Zeman and others say that aphantasia doesn’t seem to make much difference to behaviour, and although it might influence creativity, it by no means precludes it. Instead of calling it a disorder or condition, Zeman describes it as an “intriguing variation” — one extreme on a distribution of mental-imagery capabilities.
Getting a measure
Much of the work characterizing mental imagery relies on asking participants to describe their experience. But such methods are subjective, and they can’t separate true variations in experience from variations in how people describe or interpret that experience. So some researchers have been attempting to come up with other techniques.
Neuroscientist Joel Pearson at the University of New South Wales in Sydney and his colleagues developed an approach that takes advantage of a perceptual phenomenon called binocular rivalry. When a different visual is presented to each eye simultaneously, for example, a pattern of green lines to the left eye and red lines to the right, a person’s perception toggles between the two instead of blending them. Nearly two decades ago, Pearson decided to see what happened if he imagined one of the visuals in his mind’s eye — in this case, only the green lines or only the red — before the test began. It turned out that whichever pattern he imagined was what he saw during the test.
The researchers developed this finding into a technique to measure the strength of mental imagery. In a person with typical mental imagery, imagining the red pattern results in the person being more likely to see that red pattern during binocular rivalry. But a person with no visual imagery will not show this same bias. Pearson has been studying mental imagery ever since developing this method.

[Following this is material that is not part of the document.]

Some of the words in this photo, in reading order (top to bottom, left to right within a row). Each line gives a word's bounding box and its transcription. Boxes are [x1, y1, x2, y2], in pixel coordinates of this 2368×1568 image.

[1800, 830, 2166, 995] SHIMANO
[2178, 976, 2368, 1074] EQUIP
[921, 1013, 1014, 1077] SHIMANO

There are other techniques, too. A person’s emotional reaction to scary stories, measured by how much they sweat, can be a good proxy for how vividly they imagine what’s happening in the story. And when researchers ask someone to imagine a bright light, the extent to which their pupils constrict correlates with the vividness of their mental imagery.

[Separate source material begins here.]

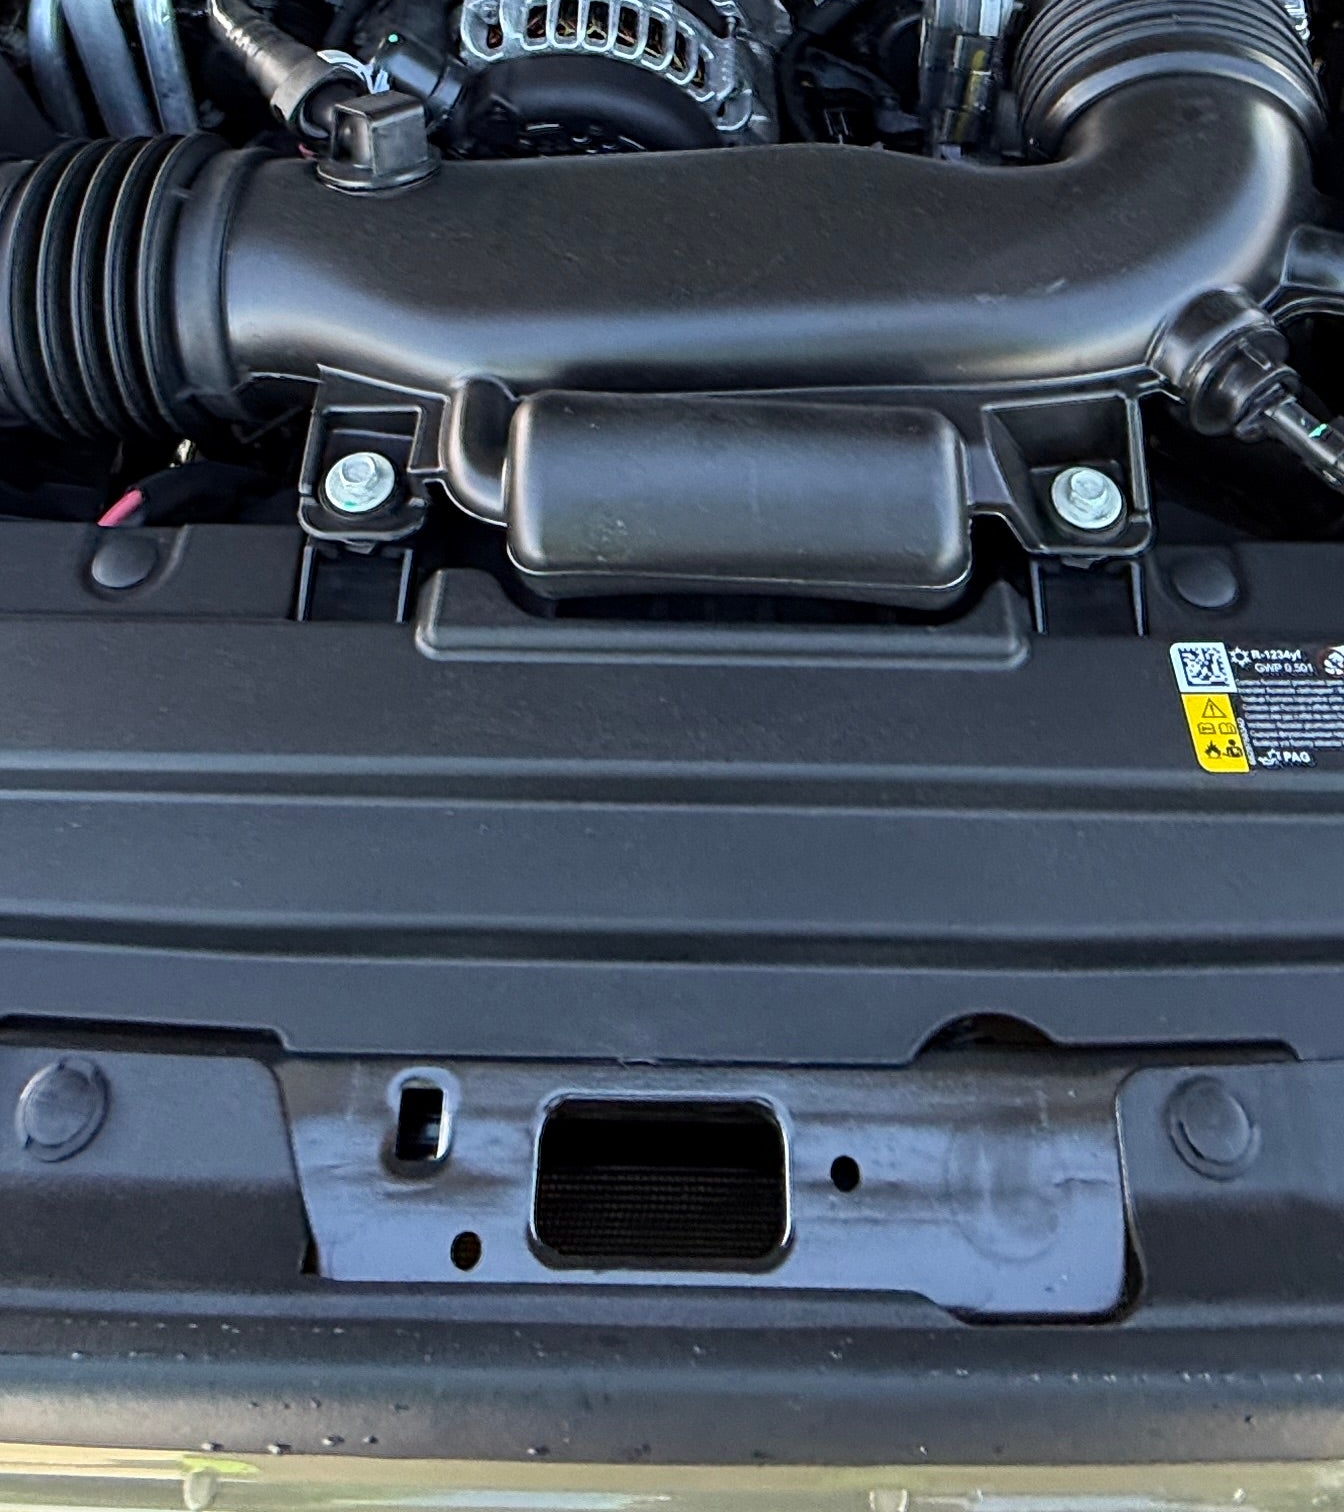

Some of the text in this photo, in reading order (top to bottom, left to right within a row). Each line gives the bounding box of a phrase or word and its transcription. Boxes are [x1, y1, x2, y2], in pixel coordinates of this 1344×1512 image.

[1254, 662, 1314, 673] GWP 0.501
[1282, 751, 1311, 763] PAG

A decade of work has left researchers convinced that aphantasia is a real phenomenon, but many are puzzled by how little it seems to affect behaviour. Behavioural tasks that are thought to depend on mental imagery don’t seem to be a problem for people with aphantasia. They perform relatively well on standard memory assessments and they seem to be able to rotate objects in their mind, to determine whether an object in one picture matches another presented from a different angle.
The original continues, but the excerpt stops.